2. Rifiuto di diventare un simbolo politico di fronte a Donald Trump
Un’altra delle linee che erano state proiettate sul Pontificato era il suo presunto ruolo di figura di confronto politico di fronte a Donald Trump. Tuttavia, lo stesso Papa Leone XIV ha corretto questa lettura durante il viaggio. In dichiarazioni rilasciate durante il volo, ha sottolineato [QUI: N.d.T.]:
Il discorso che ho tenuto all’Incontro di preghiera per la pace, un paio di giorni fa, era stato preparato due settimane fa, ben prima che il Presidente facesse qualsiasi commento su di me e sul messaggio di pace che sto promuovendo. Eppure, è stato interpretato come se stessi cercando di controbattere nuovamente al Presidente, cosa che non è affatto nel mio interesse.Questa posizione è rafforzata nel contesto delle reazioni politiche raccolte dai media, dove prevale un tono di riconoscimento e sfumatura, lontano da qualsiasi confronto ideologico semplificato (QUI). Il risultato è chiaro: Papa Leone XIV si colloca al di fuori dell’asse politico in cui si voleva incastrarlo per morbo giornalistico.
3. Avvertimento contro l’immigrazionismo idealizzato
Il terzo messaggio introduce una sfumatura rilevante sul piano dell’immigrazione.

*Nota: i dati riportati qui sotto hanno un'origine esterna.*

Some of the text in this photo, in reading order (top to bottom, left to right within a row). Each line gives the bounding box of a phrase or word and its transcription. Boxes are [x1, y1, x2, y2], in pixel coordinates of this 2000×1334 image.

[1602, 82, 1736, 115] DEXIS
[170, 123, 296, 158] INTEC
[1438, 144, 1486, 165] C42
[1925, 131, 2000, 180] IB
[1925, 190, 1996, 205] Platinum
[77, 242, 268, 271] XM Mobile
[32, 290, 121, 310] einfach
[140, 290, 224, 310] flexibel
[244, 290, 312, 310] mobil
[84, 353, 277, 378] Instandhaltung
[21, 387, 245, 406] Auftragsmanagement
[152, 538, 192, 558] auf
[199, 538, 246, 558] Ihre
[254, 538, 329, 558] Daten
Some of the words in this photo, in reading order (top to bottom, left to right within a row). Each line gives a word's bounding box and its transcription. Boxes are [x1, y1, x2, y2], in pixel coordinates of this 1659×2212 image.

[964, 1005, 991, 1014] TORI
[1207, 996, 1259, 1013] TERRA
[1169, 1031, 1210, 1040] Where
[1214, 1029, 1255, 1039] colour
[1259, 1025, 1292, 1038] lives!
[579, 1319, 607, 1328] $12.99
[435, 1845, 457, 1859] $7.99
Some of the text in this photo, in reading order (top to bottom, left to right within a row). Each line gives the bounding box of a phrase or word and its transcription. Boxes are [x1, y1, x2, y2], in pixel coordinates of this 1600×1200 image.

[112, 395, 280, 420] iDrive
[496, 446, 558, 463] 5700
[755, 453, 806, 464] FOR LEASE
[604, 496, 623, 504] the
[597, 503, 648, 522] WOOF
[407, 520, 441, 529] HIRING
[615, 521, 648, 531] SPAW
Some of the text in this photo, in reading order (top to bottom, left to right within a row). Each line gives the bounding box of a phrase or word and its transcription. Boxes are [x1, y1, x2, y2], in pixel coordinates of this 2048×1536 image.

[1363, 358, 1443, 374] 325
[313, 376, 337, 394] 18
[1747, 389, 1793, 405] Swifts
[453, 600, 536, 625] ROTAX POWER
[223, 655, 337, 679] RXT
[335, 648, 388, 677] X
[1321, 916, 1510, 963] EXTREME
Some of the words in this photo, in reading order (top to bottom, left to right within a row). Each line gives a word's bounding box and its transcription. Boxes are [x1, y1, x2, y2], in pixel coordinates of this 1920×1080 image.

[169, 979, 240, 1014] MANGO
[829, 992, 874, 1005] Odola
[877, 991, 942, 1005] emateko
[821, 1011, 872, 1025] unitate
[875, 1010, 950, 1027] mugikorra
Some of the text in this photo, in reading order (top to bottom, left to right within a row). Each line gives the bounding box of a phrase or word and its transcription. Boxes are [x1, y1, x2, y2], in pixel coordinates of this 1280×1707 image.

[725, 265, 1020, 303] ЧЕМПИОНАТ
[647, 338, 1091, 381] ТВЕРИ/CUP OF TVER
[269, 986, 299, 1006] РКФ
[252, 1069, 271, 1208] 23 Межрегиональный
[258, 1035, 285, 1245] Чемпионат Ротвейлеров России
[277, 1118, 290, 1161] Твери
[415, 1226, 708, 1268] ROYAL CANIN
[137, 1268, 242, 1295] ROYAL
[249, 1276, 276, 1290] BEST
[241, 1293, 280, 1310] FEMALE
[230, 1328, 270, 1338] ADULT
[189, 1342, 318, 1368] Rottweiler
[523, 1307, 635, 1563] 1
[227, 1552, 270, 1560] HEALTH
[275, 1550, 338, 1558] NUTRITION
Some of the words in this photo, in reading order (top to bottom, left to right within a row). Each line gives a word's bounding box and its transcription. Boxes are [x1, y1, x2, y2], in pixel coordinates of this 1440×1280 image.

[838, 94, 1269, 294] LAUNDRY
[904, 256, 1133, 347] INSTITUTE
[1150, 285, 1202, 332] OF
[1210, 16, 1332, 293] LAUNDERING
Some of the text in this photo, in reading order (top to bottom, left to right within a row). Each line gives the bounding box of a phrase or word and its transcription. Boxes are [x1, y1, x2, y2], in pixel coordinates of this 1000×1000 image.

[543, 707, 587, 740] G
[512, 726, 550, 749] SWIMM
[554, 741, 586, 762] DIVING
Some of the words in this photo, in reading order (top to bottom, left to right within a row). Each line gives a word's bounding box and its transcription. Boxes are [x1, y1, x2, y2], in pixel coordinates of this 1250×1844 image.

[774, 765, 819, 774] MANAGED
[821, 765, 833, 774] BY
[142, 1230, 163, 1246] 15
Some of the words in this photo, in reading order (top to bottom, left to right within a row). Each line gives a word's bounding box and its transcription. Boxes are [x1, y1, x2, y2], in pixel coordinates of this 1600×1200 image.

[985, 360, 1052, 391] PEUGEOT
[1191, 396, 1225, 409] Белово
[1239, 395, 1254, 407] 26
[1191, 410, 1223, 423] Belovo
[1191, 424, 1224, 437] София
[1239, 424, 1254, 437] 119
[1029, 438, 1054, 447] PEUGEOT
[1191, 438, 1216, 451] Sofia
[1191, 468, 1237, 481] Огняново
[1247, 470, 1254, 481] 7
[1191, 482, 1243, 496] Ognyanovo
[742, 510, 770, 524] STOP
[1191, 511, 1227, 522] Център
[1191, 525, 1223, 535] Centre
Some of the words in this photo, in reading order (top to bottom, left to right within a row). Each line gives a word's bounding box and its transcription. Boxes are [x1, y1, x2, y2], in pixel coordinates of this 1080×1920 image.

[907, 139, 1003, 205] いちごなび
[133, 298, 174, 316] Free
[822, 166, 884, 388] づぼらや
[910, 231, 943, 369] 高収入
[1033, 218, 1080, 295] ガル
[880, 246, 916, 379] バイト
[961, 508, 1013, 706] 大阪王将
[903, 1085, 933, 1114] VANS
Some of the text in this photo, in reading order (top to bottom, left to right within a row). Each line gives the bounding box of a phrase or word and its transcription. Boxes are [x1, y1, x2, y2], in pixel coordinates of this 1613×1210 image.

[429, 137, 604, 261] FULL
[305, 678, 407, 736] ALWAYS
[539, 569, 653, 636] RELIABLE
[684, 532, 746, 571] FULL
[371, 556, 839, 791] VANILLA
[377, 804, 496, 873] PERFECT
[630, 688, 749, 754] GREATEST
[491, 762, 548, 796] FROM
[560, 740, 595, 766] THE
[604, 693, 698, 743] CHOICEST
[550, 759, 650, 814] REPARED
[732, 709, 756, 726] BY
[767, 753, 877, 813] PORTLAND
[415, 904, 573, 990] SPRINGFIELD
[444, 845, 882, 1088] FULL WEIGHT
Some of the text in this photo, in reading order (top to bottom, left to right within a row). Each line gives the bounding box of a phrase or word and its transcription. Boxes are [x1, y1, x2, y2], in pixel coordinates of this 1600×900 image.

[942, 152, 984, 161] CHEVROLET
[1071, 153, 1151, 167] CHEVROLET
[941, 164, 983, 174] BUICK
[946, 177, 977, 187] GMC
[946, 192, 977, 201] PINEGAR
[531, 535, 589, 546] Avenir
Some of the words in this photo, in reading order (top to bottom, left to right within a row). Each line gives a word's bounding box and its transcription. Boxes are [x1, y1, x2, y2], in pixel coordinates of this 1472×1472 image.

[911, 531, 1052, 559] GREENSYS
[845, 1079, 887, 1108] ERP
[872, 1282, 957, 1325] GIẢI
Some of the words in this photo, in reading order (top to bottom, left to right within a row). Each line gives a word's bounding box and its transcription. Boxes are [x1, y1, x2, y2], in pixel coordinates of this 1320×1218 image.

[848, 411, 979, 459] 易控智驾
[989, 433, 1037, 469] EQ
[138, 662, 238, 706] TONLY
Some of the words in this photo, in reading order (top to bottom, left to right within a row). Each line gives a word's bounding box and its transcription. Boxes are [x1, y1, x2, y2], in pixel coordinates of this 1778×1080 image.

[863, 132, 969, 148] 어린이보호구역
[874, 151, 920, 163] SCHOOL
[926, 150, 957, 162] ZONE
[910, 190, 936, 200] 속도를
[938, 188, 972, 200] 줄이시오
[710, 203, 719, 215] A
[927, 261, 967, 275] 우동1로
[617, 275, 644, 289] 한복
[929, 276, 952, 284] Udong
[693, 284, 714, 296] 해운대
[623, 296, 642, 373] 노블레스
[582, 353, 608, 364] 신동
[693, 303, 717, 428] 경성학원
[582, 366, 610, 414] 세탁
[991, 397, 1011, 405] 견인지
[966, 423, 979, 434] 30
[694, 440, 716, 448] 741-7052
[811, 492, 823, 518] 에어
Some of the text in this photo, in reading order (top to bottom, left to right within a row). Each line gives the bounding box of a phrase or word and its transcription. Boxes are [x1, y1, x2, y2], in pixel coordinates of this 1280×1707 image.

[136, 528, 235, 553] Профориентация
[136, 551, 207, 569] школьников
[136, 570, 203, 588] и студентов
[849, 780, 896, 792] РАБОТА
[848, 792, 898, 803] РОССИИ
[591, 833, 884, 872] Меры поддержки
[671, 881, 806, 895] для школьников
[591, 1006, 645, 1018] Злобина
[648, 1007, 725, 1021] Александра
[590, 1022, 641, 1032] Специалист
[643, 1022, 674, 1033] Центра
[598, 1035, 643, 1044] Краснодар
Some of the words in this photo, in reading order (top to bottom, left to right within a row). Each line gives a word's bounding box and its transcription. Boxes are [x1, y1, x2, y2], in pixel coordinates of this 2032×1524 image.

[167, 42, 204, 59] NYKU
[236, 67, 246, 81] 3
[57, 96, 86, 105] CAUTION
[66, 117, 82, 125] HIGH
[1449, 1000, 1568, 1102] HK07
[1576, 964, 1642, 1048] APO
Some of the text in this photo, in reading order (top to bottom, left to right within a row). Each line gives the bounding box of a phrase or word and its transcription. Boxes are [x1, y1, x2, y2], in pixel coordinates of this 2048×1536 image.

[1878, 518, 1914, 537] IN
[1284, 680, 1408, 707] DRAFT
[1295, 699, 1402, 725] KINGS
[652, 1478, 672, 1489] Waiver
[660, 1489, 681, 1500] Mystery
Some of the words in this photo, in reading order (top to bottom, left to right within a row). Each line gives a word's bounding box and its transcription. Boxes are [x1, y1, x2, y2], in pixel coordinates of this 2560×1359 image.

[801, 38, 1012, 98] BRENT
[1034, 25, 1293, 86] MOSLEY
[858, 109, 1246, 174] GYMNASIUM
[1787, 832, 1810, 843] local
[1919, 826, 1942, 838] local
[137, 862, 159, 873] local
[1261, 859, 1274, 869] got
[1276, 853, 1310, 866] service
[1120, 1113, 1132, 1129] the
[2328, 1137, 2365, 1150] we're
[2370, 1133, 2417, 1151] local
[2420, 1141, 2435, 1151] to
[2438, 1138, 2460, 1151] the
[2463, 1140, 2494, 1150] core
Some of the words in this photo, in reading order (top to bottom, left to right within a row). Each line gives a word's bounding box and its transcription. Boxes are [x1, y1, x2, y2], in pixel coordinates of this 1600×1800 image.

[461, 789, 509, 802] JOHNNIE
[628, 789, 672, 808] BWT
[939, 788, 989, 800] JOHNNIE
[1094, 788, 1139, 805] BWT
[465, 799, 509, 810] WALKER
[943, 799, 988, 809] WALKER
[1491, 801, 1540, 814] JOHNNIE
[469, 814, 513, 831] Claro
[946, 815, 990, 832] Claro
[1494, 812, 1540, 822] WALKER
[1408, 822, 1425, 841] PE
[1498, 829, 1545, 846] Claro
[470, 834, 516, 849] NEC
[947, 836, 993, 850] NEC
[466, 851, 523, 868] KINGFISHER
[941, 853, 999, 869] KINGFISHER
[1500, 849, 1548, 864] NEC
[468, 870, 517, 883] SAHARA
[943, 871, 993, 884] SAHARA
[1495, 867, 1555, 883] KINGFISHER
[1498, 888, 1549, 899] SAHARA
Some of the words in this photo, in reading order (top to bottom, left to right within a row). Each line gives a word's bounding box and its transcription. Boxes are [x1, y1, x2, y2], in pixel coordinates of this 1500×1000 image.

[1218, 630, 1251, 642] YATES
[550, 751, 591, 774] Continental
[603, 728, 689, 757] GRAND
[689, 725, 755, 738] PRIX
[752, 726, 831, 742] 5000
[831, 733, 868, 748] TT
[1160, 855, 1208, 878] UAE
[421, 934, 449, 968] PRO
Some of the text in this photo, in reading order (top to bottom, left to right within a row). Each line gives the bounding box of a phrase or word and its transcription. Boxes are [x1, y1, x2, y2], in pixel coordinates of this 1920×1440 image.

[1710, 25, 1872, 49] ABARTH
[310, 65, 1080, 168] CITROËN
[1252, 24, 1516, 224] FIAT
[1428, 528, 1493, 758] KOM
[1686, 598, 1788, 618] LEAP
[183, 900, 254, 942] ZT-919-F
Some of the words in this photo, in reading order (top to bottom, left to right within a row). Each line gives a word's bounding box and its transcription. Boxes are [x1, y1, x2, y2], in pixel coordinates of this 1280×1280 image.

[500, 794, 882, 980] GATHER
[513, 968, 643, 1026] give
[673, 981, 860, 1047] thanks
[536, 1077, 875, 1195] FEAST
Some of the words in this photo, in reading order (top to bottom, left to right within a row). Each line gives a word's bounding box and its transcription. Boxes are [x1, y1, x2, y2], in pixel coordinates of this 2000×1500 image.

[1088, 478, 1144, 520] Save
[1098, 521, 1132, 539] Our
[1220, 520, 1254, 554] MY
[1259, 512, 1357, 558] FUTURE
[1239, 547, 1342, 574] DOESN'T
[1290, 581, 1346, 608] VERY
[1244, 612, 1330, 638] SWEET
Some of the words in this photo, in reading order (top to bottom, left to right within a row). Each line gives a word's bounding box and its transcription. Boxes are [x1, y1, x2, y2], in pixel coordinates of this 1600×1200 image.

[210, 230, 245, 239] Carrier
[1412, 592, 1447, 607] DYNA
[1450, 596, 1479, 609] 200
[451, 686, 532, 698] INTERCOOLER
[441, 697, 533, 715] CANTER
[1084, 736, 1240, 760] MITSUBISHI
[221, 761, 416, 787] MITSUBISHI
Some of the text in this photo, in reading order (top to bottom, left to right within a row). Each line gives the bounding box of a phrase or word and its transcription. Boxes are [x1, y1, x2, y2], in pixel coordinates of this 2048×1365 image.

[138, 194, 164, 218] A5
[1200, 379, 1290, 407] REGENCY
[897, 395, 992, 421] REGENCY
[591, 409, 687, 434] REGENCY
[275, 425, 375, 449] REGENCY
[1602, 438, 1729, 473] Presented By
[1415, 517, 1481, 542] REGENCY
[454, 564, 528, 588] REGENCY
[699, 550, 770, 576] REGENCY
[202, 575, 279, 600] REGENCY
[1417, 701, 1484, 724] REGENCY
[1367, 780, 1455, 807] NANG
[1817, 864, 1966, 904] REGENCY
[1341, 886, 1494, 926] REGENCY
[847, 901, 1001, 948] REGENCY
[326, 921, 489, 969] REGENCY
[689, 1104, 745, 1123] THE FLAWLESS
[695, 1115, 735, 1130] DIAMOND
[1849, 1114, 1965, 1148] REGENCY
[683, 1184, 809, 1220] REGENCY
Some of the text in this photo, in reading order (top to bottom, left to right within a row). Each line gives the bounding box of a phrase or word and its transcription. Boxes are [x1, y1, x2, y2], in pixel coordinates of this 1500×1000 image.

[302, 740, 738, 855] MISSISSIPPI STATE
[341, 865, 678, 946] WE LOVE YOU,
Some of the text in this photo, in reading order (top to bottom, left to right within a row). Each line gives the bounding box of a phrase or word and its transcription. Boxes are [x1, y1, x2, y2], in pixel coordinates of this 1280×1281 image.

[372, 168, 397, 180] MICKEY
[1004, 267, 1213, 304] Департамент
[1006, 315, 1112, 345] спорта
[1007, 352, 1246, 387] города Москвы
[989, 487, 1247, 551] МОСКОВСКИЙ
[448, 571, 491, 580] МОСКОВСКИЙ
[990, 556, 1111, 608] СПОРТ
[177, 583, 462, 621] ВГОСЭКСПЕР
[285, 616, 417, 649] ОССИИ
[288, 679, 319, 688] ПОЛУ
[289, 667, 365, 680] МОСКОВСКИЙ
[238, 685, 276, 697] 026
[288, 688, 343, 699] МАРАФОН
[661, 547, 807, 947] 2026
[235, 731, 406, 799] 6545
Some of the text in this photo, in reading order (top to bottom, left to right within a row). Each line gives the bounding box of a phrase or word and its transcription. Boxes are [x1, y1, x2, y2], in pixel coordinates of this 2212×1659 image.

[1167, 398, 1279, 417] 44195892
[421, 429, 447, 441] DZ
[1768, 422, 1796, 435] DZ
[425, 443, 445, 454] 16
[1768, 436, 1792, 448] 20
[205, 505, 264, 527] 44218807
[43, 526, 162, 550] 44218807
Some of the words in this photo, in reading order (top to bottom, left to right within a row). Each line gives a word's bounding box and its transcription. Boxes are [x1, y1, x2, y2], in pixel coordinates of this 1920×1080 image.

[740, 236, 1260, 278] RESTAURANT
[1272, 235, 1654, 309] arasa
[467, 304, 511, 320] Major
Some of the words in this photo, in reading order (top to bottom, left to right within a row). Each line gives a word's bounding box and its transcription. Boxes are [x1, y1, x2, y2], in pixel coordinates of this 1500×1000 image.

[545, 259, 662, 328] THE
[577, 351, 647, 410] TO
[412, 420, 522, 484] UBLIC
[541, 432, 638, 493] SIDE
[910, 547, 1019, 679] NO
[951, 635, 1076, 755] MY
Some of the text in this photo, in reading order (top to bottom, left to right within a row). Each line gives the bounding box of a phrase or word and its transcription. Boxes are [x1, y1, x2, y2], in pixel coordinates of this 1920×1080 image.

Di fronte alla lettura che collocava il Pontificato in un’immigrazionismo espansivo, Papa Leone XIV ha messo in guardia direttamente i giovani africani contro le false aspettative associate all’emigrazione. Nel suo intervento, li ha esortati [QUI: N.d.T.]:
di fronte alla comprensibile tendenza migratoria, che può indurre a credere che altrove si possa trovare facilmente un futuro migliore, vi invito anzitutto a rispondere con un ardente desiderio di servire il vostro Paese e di volgere a beneficio dei vostri concittadini le conoscenze che state acquisendo qui.La formulazione introduce un principio di realismo che rompe con la presentazione dell’emigrazione come soluzione automatica. Senza negare la complessità del fenomeno, Papa Leone XIV sposta l’attenzione sulla responsabilità personale e sul radicamento, in contrasto con le narrazioni che idealizzano la partenza verso altri paesi.
Nel loro insieme, i tre messaggi tracciano una linea coerente. In pochi giorni, Papa Leone XIV ha introdotto chiari limiti al sincretismo religioso, ha respinto la sua strumentalizzazione politica e ha sfumato il discorso dominante sull’emigrazione. Non lo ha fatto attraverso una rottura esplicita, ma mediante affermazioni concrete che riducono il margine di interpretazione ideologica costruito attorno alla sua figura.